Ей пришлось выждать ещё две мучительные минуты, прежде чем танец наконец-то развернул их к тории лицом, и Кёко, делая поворот, смогла бегло осмотреть присутствующих ещё раз. Несколько юношей, похожих на Хосокаву – тоже курчавые и остроносые, – затесались на последних рядах, но никто из них не бесил Кёко до трясущихся поджилок одним своим видом, а значит, среди них настоящего Хосокавы не было. А он следовал за ней всегда и всюду, даже тогда, когда не хотел или когда не хотела она. На кагура приходил тем более. Так что если Кёко и была в чём-то уверена, то только в одном: коль Хосокава не здесь, значит, он в беде. Или беду творит.

Осознание этого окончательно убило всё удовольствие от танца. Повезло, что они сегодня исполняли кагура самый простой, а не «танец одержимости ками» – камигакари, – который мог длиться часами. Однажды Кёко собственными глазами видела, как Кагуя-химе плясала с полудня до следующего заката, не испив ни глотка воды, потому что в тот день у сёгуна выздоровел от паучьей лихорадки наследник, и всем мико во всех храмах было поручено уважить богов. Кёко бы и за десять жизней подобного не осилила. Даже сейчас – а танцевали они не более получаса – из-под прямой чёлки стекали градины пота, каждый вздох обжигал, и где-то в груди нестерпимо болело, будто, рисуя в воздухе гохэем иероглифы, Кёко нечаянно проделала в самой себе брешь. Даже на лицах двух сестёр-мико белила скатались, и все они едва не рухнули на татами, когда, осыпанные аплодисментами, возвратились во внешнее святилище.

– Ох, до чего же тяжело плясать в такую жару! – пожаловалась одна.

– Зато, считай, что плясали вместе с богами! Май же на дворе, – приободрила её вторая.

– А пожертвования уже можно забирать, а? Нам же тоже причитается, не только храму, верно?

«Верно, – ответила ей Кёко мысленно. От усталости во рту уже язык не ворочался. – Я только ради этого и согласилась. Одна Кагуя-химе не принесёт в семью столько, сколько мы сможем принести вдвоём».

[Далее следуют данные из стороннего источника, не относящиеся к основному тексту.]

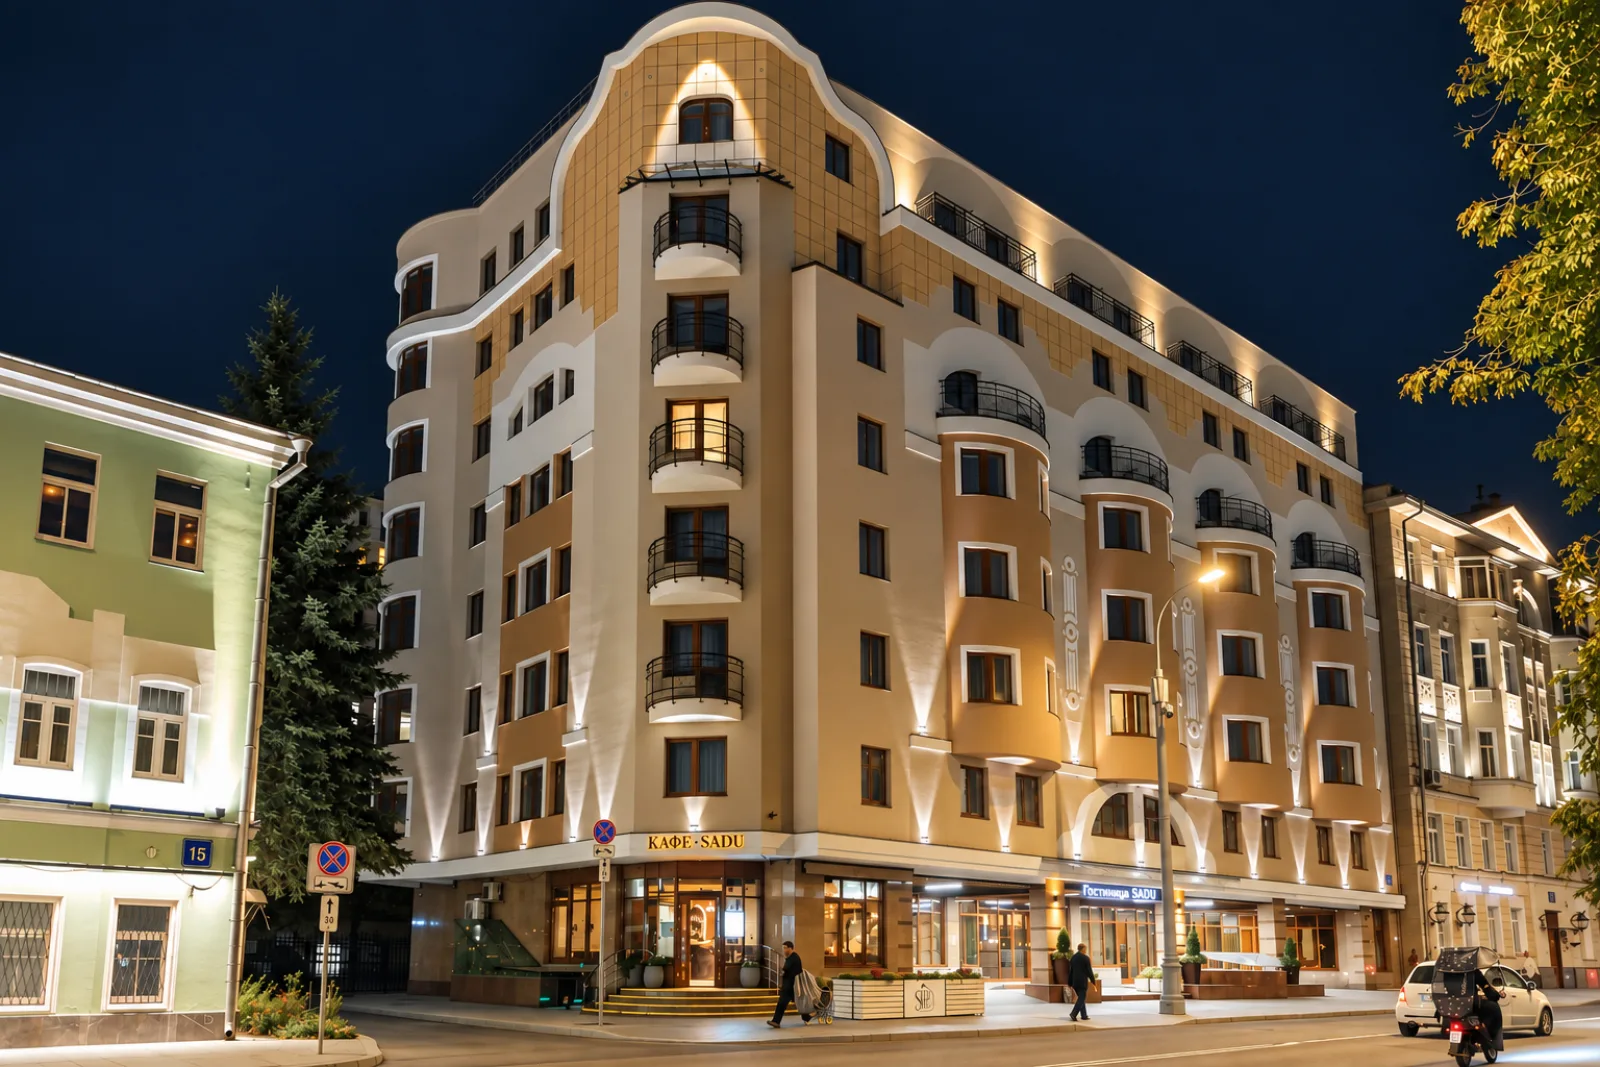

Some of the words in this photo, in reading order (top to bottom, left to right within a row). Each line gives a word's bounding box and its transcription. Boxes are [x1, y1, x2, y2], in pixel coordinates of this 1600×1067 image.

Несмотря на то, как дрожали у неё ноги, на татами вслед за сёстрами-мико Кёко не села, потому что не стала садиться и Кагуя-химе. Она остановилась подле алтаря со спиной такой прямой, что хоть бамбук привязывай, и вдыхала носом, а выдыхала ртом, укрощая пульс. И не скажешь, что беременна, а ведь ещё месяца три – и разрешится от бремени! Кёко на всякий случай молча держалась в такие моменты рядом. Вдруг, такими-то темпами, эти месяцы ей не понадобятся?

– Госпожа Хакуро! Лунный свет не танцует так на речной глади, как вы танцуете на сцене камиурского храма. Поистине можно решить, что ками освящает вас собой, сама Идзанами вашими стройными ручками двигает!

Несмотря на то что Кёко каждый раз оборачивалась, так и не сумев привыкнуть, что вот уже как пятнадцать лет «госпожой Хакуро» зовут не одну лишь её, в этот раз она даже не дёрнулась. Только продолжила наливать воду в железный кубок из чана, прекрасно зная, что как на небе может быть лишь одна луна, так только Кагуя-химе может услыхать подобную лесть. Очевидно, во внешнее святилище пожаловали гости.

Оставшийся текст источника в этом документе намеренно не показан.